### Task requirements
Could you copy exactly the line that contains "Some of the text" and every line after it to the end of the records, and nothing more?

### Dataset
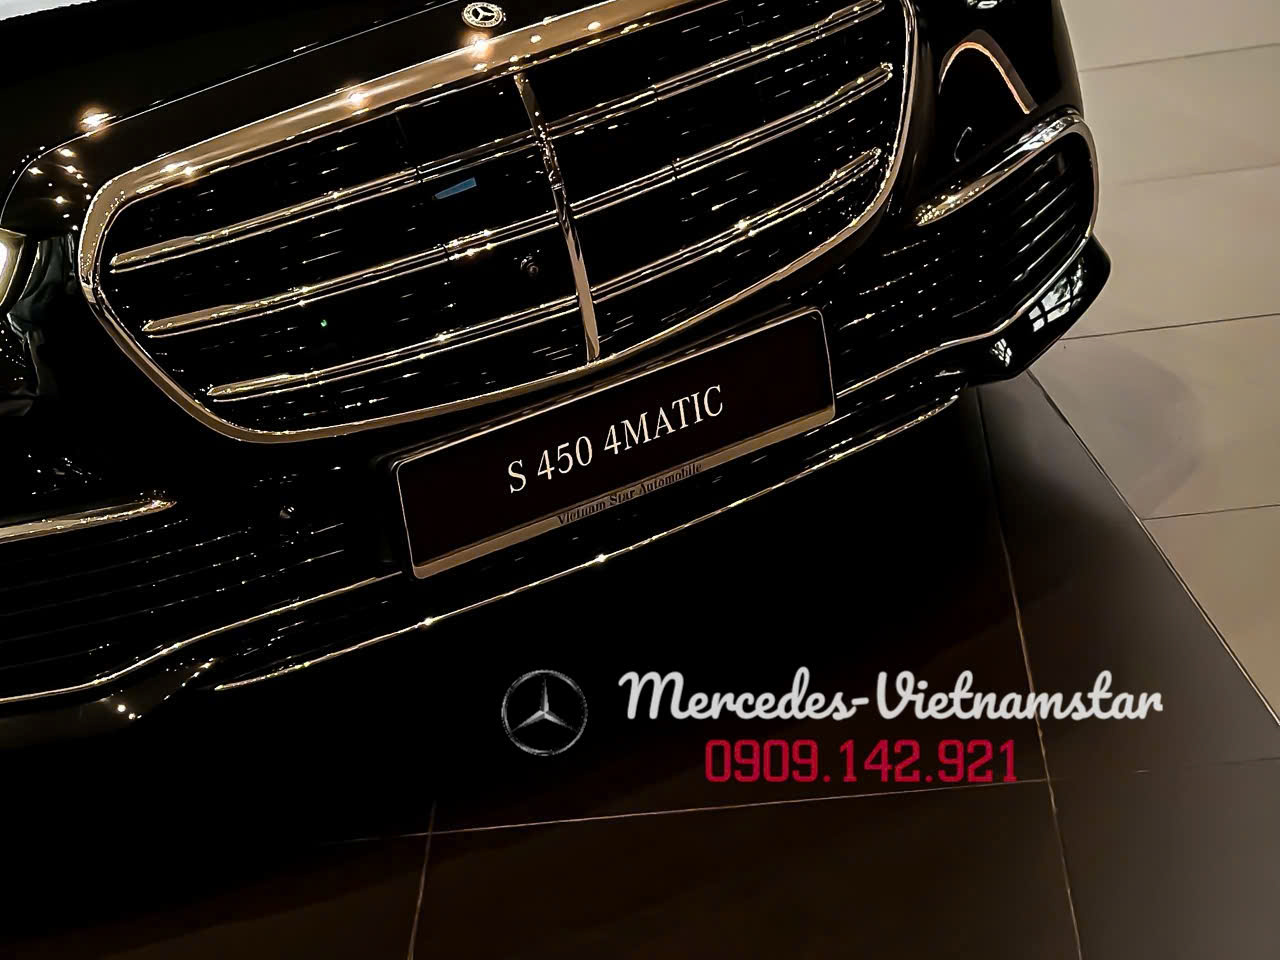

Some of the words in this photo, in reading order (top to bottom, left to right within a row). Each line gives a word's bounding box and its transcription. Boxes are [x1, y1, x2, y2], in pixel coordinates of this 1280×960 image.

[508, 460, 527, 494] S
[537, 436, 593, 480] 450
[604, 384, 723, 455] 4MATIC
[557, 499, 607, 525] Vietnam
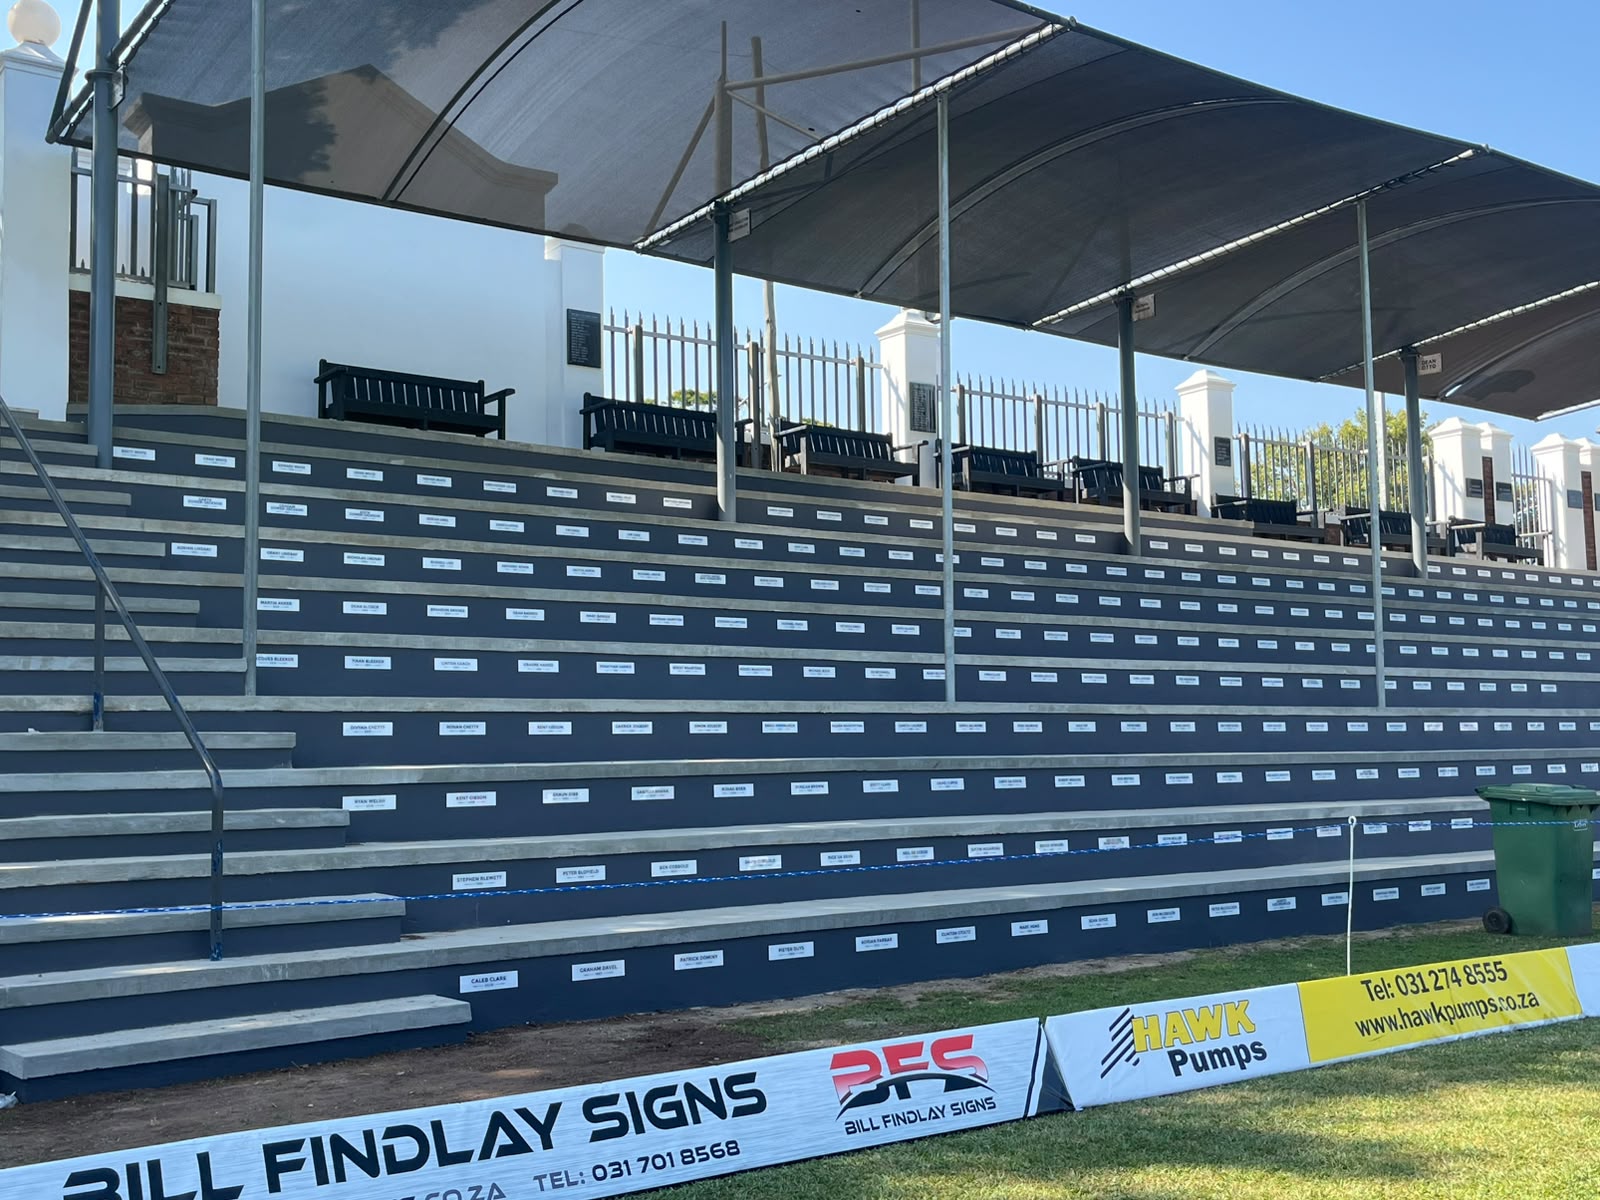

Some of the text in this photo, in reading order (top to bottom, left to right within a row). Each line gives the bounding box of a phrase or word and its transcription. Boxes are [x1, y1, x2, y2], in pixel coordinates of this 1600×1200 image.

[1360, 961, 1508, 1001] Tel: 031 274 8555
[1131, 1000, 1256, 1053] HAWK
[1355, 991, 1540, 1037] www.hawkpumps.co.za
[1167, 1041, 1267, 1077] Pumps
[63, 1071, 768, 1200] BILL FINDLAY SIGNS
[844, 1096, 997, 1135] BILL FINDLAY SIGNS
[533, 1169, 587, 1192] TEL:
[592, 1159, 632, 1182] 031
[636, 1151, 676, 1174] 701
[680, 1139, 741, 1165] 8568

### Exercise solution
Some of the text in this photo, in reading order (top to bottom, left to right within a row). Each line gives the bounding box of a phrase or word and its transcription. Boxes are [x1, y1, x2, y2], in pixel coordinates of this 1600×1200 image.

[1360, 961, 1508, 1001] Tel: 031 274 8555
[1131, 1000, 1256, 1053] HAWK
[1355, 991, 1540, 1037] www.hawkpumps.co.za
[1167, 1041, 1267, 1077] Pumps
[63, 1071, 768, 1200] BILL FINDLAY SIGNS
[844, 1096, 997, 1135] BILL FINDLAY SIGNS
[533, 1169, 587, 1192] TEL:
[592, 1159, 632, 1182] 031
[636, 1151, 676, 1174] 701
[680, 1139, 741, 1165] 8568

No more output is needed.